Sammlung der Entscheidungen des Schweizerischen Bundesgerichts
Collection des arrêts du Tribunal fédéral suisse
Raccolta delle decisioni del Tribunale federale svizzero

BGE 117 II 513



117 II 513

94. Auszug aus dem Urteil der II. Zivilabteilung vom 19. Dezember
1991 i.S. Verkehrsclub der Schweiz (VCS) gegen ASTAG, Schweizerischer
Nutzfahrzeugverband (Berufung) Regeste

    Namensschutz (Art. 28 und 29 ZGB).

    Verletzung der Persönlichkeit bzw. des auch einem Verein zustehenden
Rechts auf den Namen durch die Verwendung eines Namens, der die Gefahr
von Verwechslungen in sich birgt.

    - Zeitliche Priorität für einen Namen, der vor der Gründung des
entsprechenden Vereins gewählt wurde? (E. 2c).

    - Anforderungen an die Unterscheidbarkeit von Vereinsnamen; Bedeutung
eines Hinweises auf die Rechtsform ("Association", "Associazione")
(E. 3 und 5).

Sachverhalt

    A.- Der am 20. Januar 1979 unter dem Namen "ASTAG, Schweizerischer
Nutzfahrzeugverband, Association suisse des transports routiers,
Associazione svizzera dei trasportatori stradali" gegründete Verein
bezweckt, die ideellen und wirtschaftlichen Interessen seiner Mitglieder
zu wahren und zu fördern. Er setzt sich ein für die Lösung aller Probleme
im Zusammenhang mit dem motorisierten Nutzfahrzeugverkehr (werk- und
gewerbsmässiger Verkehr) auf der Basis der freien Marktwirtschaft (Art. 1
und 2 der Statuten).

    Zweck des am 15. Mai 1979 unter dem Namen "VCS Verkehrsclub der
Schweiz, AST Association Suisse des Transports, AST Associazione Svizzera
del Traffico" gegründeten und im Handelsregister eingetragenen Vereins ist
die Förderung eines menschen- und naturgerechten Verkehrswesens und die
finanzielle Unterstützung der Schweizerischen Verkehrs-Stiftung. Der VCS
Verkehrsclub der Schweiz organisiert für seine Mitglieder Dienstleistungen,
die selbsttragend sein sollen (Art. 1 und 2 der Statuten).

    Der ASTAG Schweizerische Nutzfahrzeugverband reichte mit Eingabe
vom 13. Januar 1989 beim Appellationshof des Kantons Bern gegen den
Verkehrsclub der Schweiz (VCS) Klage ein.
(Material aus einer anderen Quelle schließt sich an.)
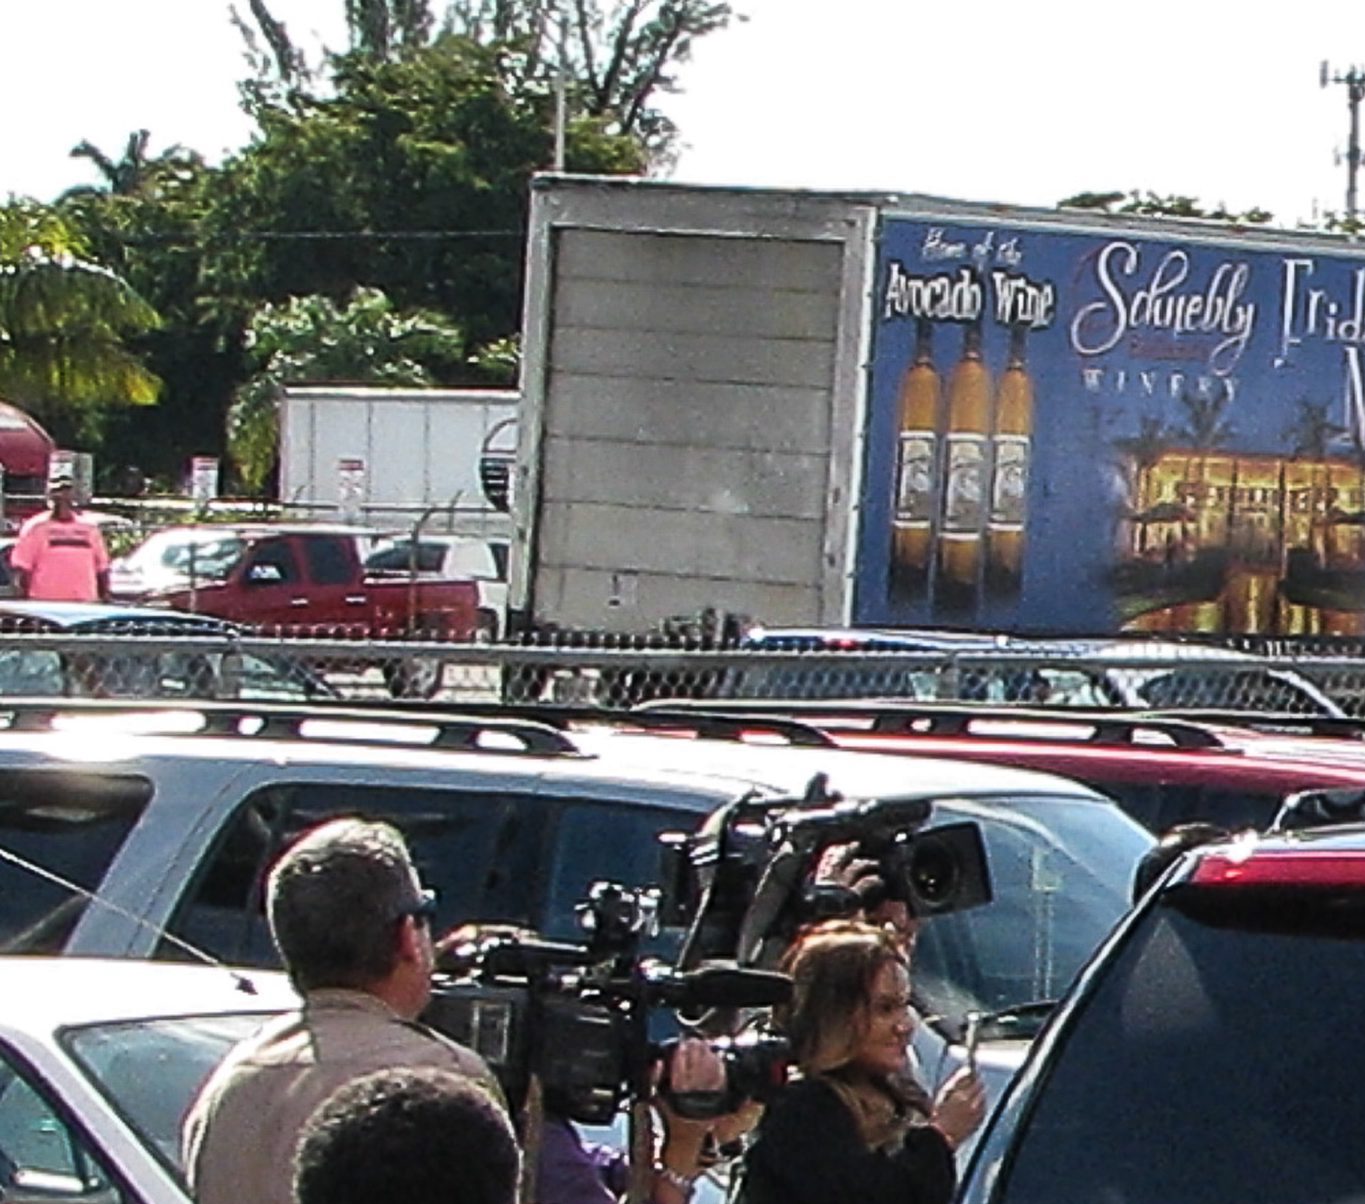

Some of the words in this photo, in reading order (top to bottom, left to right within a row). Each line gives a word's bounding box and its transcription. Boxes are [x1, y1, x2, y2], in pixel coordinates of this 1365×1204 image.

Die in der Verhandlung vom
12. Juni 1989 teilweise modifizierten Klagebegehren lauten wie folgt:

    "1. Es sei festzustellen, dass der Beklagte gegenüber dem Kläger gegen
   das UWG verstossen hat.

    2. Es sei dem Beklagten unter Androhung der Strafen nach Art. 403
ZPO und

    Art. 292 StGB im Widerhandlungsfall zu verbieten, seinen französischen
   resp. italienischen Namen, "Association Suisse des Transports" resp.

    "Associazione Svizzera del Traffico" sowie die entsprechende Abkürzung

    "AST" zu verwenden oder verwenden zu lassen.

    ..."

    Der Beklagte widersetzte sich der Klage.

    Der Appellationshof (III. Zivilkammer) des Kantons Bern erkannte in
seinem Urteil vom 19. März 1990:

    "1. Es wird dem Beklagten unter Androhung der Strafen nach Art. 403 ZPO
   und Art. 292 StGB im Widerhandlungsfall verboten, seinen französischen
   resp. italienischen Namensbestandteil "Association" resp. "Associazione"
   sowie die entsprechende Abkürzung "A..." zu verwenden oder verwenden
   zu lassen.

    2. Der Kläger wird ermächtigt, dieses Urteil auf Kosten des Beklagten
je
   einmal in der auflagenstärksten Zeitung der französischen und
   italienischen Schweiz auf einer Viertelseite zu publizieren.

    3. Soweit weitergehend wird die Klage abgewiesen."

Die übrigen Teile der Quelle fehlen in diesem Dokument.